As a journalist, Lanre Arogundade, attended both the West African and The African Social Forums in Guinea and Zambia respectively late last year. Here, he offers a socialist critique of the slogan - Another Africa Is Possible.

 

From the international theme, another world is possible, social movements and civil society organizations in Africa, its regions and countries have adopted same slogan. They say: another Africa is possible; another West Africa is possible. Or another Nigeria is possible, another Zimbabwe is possible etc.

 

Of course, a quick revisit of the environment in which the forums took place reinforces the argument that another world is not only desirable but indeed should be made possible.

 

Guinea, which hosted the West African social forum, is suffering under the yoke of a military turned civilian dictatorship.

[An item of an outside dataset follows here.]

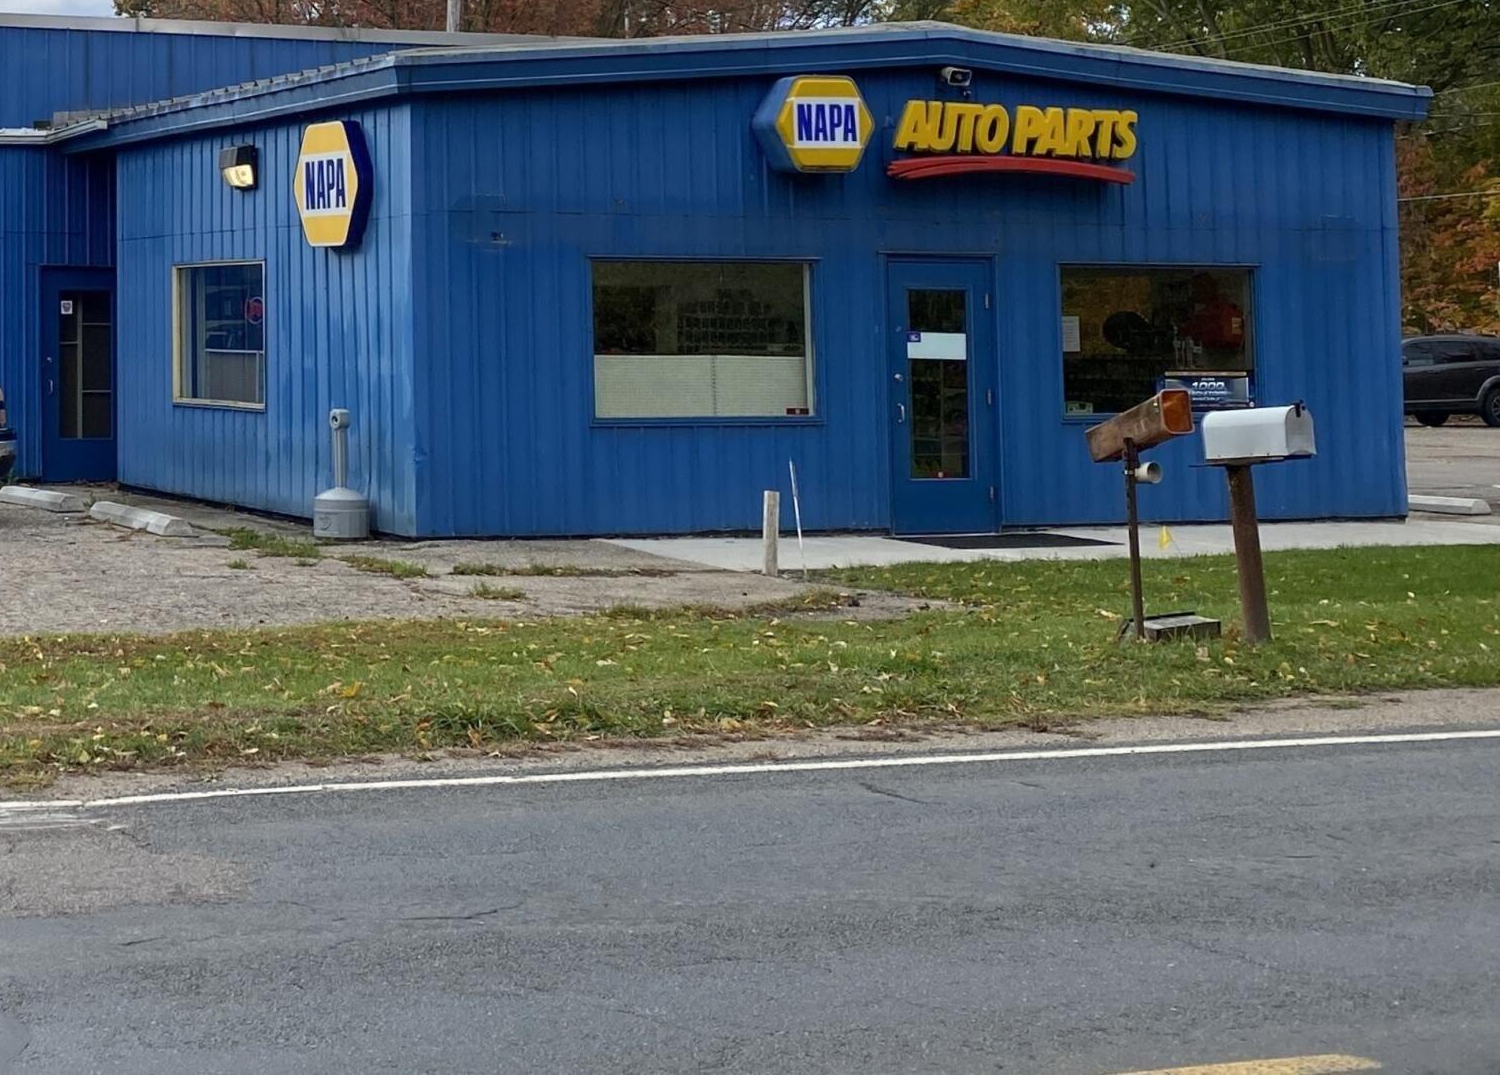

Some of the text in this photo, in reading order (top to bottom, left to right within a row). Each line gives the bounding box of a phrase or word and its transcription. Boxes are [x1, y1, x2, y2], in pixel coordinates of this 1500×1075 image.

[797, 100, 1138, 159] NAPA AUTO PARTS
[305, 158, 346, 210] NAPA
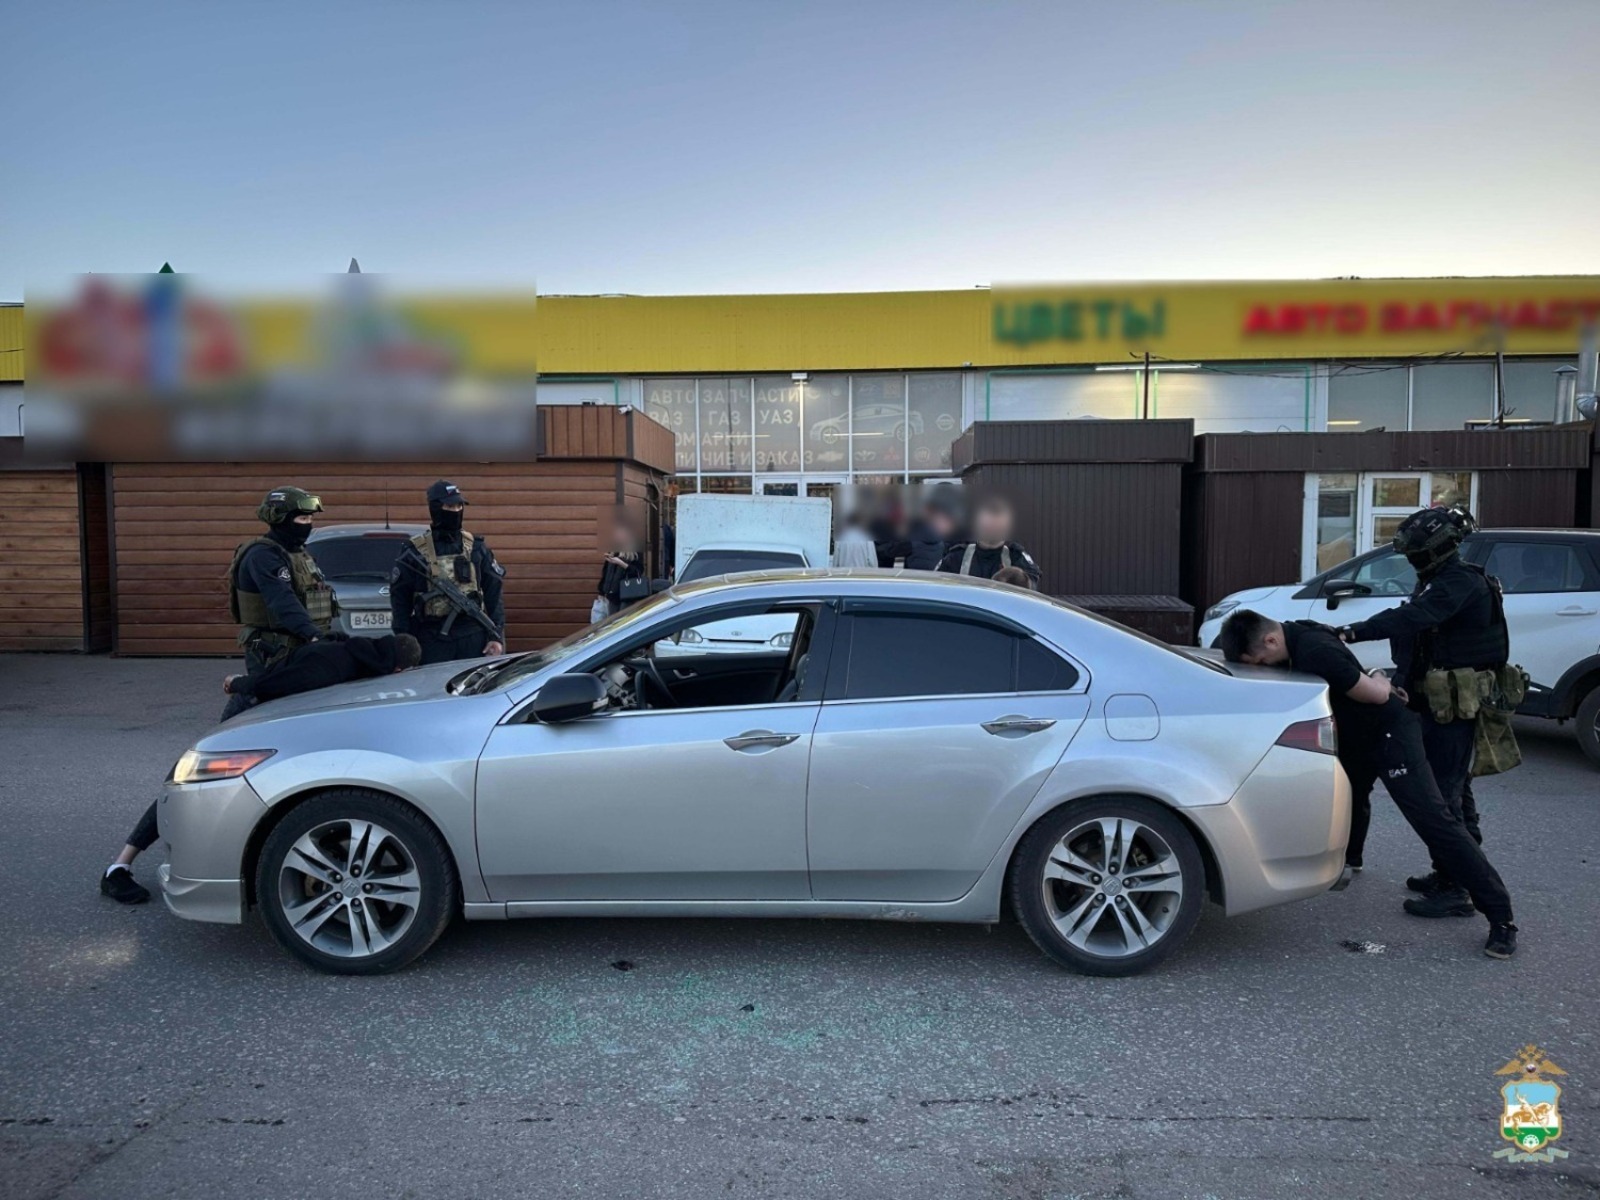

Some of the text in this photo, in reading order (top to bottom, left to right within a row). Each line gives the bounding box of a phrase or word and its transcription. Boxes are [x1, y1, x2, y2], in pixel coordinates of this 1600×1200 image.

Despite, its rich mineral resources such as bauxite, the coastal nation and her citizens are among the poorest in the world. The president who suffers decapitating diabetes has refused to either step down or call elections. Soon after the forum, he claimed that a coup had been planned against him and effectively used that to clamp down on the opposition including the press and trade unions.

 

Zambia, which soon after hosted the African social forum does not fare better. It is said that the country's water resources could take care of the needs of the entire southern Africa, which means that it could effectively be waterpower. But today most of her citizens lack potable water. The country is one of the worst hit by the HIV/AIDS scourge and majority of her citizens live in abject poverty.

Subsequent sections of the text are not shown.